HSBC’s Gulf IPO Pipeline Tests Whether Market Calm Can Restart Listings
HSBC Menat chief executive Selim Kervanci said the bank has 45 M&A and IPO mandates across the Gulf and expects listing activity to resume in the fourth quarter. Companies in food, consumer, retail and technology sectors delayed rather than cancelled listing plans during the US-Iran conflict and wider regional lull, leaving a backlog that depends on Q4 valuation clarity to reopen. The open question is whether improved sentiment can translate into valuations strong enough for Gulf issuers to reopen equity capital markets.

Gulf equity markets are moving from a relief rally to an execution test as HSBC points to a still-intact pipeline of mandates that could restart listings once investors are ready to price risk again.
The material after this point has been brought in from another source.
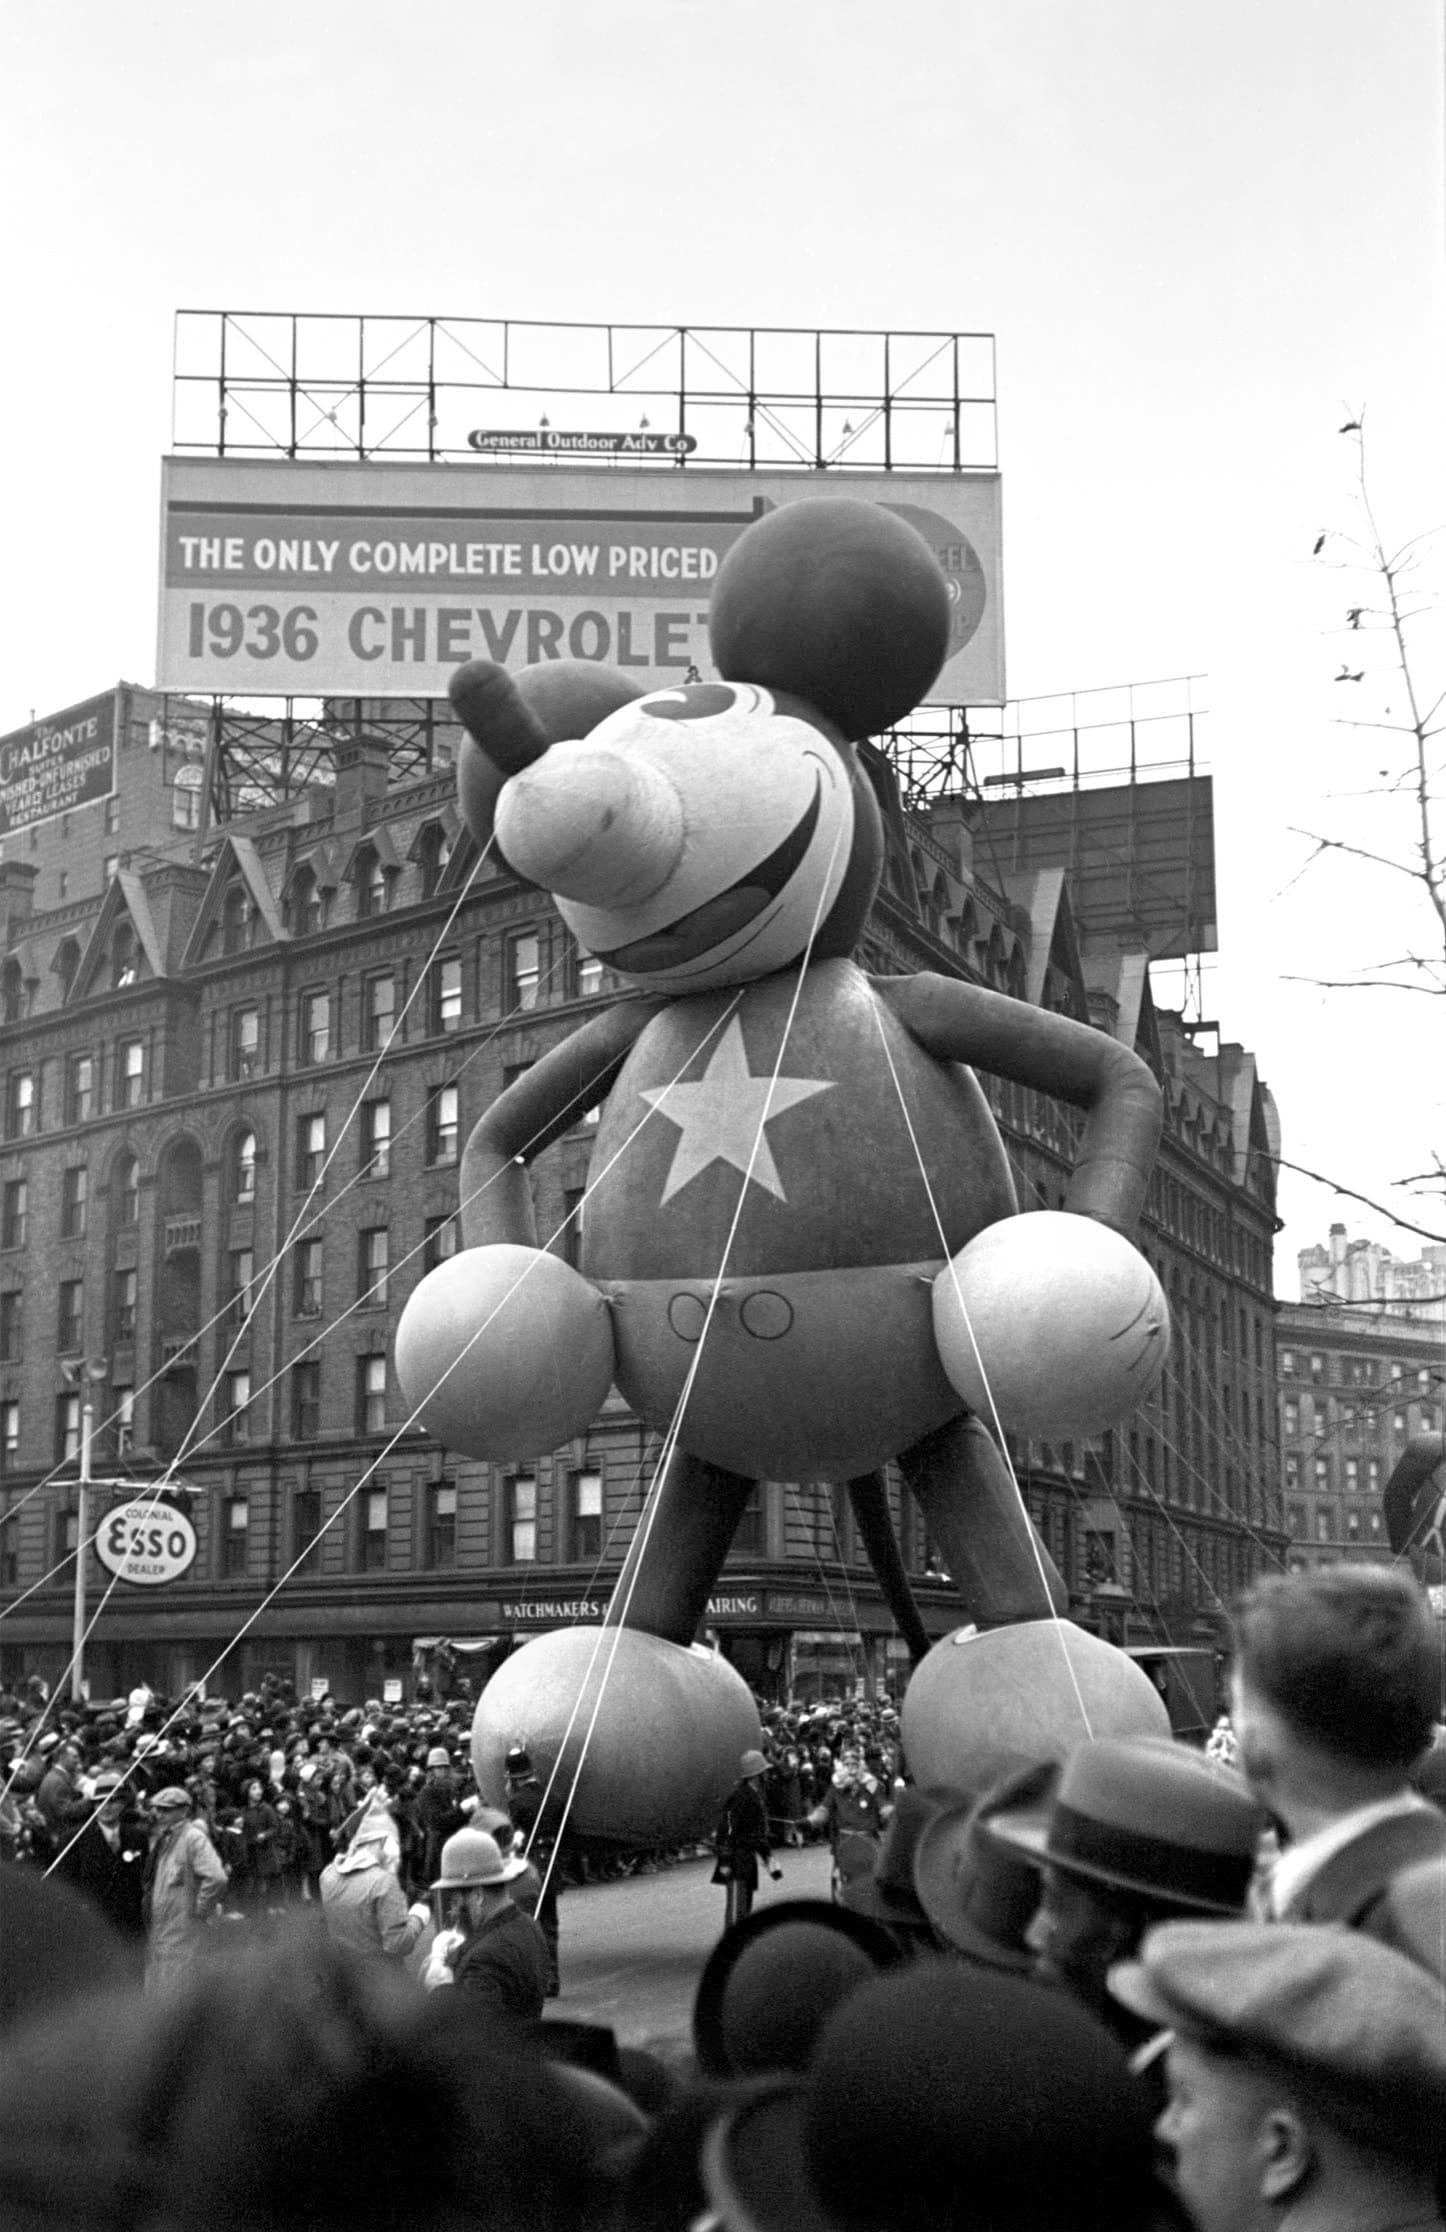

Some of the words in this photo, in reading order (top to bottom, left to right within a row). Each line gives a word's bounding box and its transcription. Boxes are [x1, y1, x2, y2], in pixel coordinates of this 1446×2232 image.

HSBC Sees a Fourth-Quarter Listing Window
HSBC Menat chief executive Selim Kervanci said the bank has 45 mergers and acquisitions and initial public offering mandates across the Gulf.
He expects listing activity to resume in the fourth quarter, after uncertainty tied to the US-Iran conflict and wider regional risk slowed equity capital market transactions and deal flow.
For Gulf exchanges, the key distinction is that issuer demand did not disappear.
Kervanci said companies in the food, consumer, retail and technology sectors delayed listing plans, leaving a backlog that still requires valuation expectations and investor appetite to align.
Kervanci estimated that investor sentiment, equity capital market activity and deal flow would need at least one quarter to recover as regional conditions stabilize.
The fourth quarter therefore looks less like a guaranteed boom than a financing window that still has to prove buyers and sellers can agree on price.
Delayed Deals Put Valuation Back at the Center
Valuation uncertainty caused the slowdown.
Kervanci said uncertainty prevented investors from forming a clear valuation view, which became the main obstacle for equity capital market transactions coming to market.
Gulf listing pipelines have increasingly depended on domestic champions, family businesses and growth companies using public markets to fund expansion.
If buyers demand a war-risk discount while sellers still expect pre-conflict valuations, mandates can remain active without turning into completed IPOs.
The 2025 baseline shows why banks and exchanges are watching the restart closely.
Dealogic figures put wider regional IPO proceeds at $7.1 billion from 61 listings in 2025, versus $13.1 billion in 2024.
The amount raised in 2025 was also described as the lowest since 2020, when companies pulled in $22 billion.
Capital Needs Extend Beyond IPOs
The banking angle is wider than listings alone.
Kervanci said lenders such as HSBC are expected to be central to postwar efforts to rebuild infrastructure across the Middle East.
He said the region will need double-digit billions of dollars, or more, for damaged infrastructure, diversification plans and projects that reduce dependence on the Strait of Hormuz.
Kervanci pointed to spending across infrastructure schemes, AI projects, electricity storage, batteries and port capacity, although he said immediate preference would be for hydrocarbons infrastructure, especially oil and gas pipeline projects.
Banks could see fee opportunities across advisory, debt and equity markets, not just IPO execution.
The question now is whether demand is deep enough to clear deals without heavy discounts.
HSBC’s pipeline suggests issuers have not walked away, and regional officials and executives expect markets to recover.
But the next signal will be whether fourth-quarter transactions price successfully, especially for delayed companies in technology, retail and consumer sectors.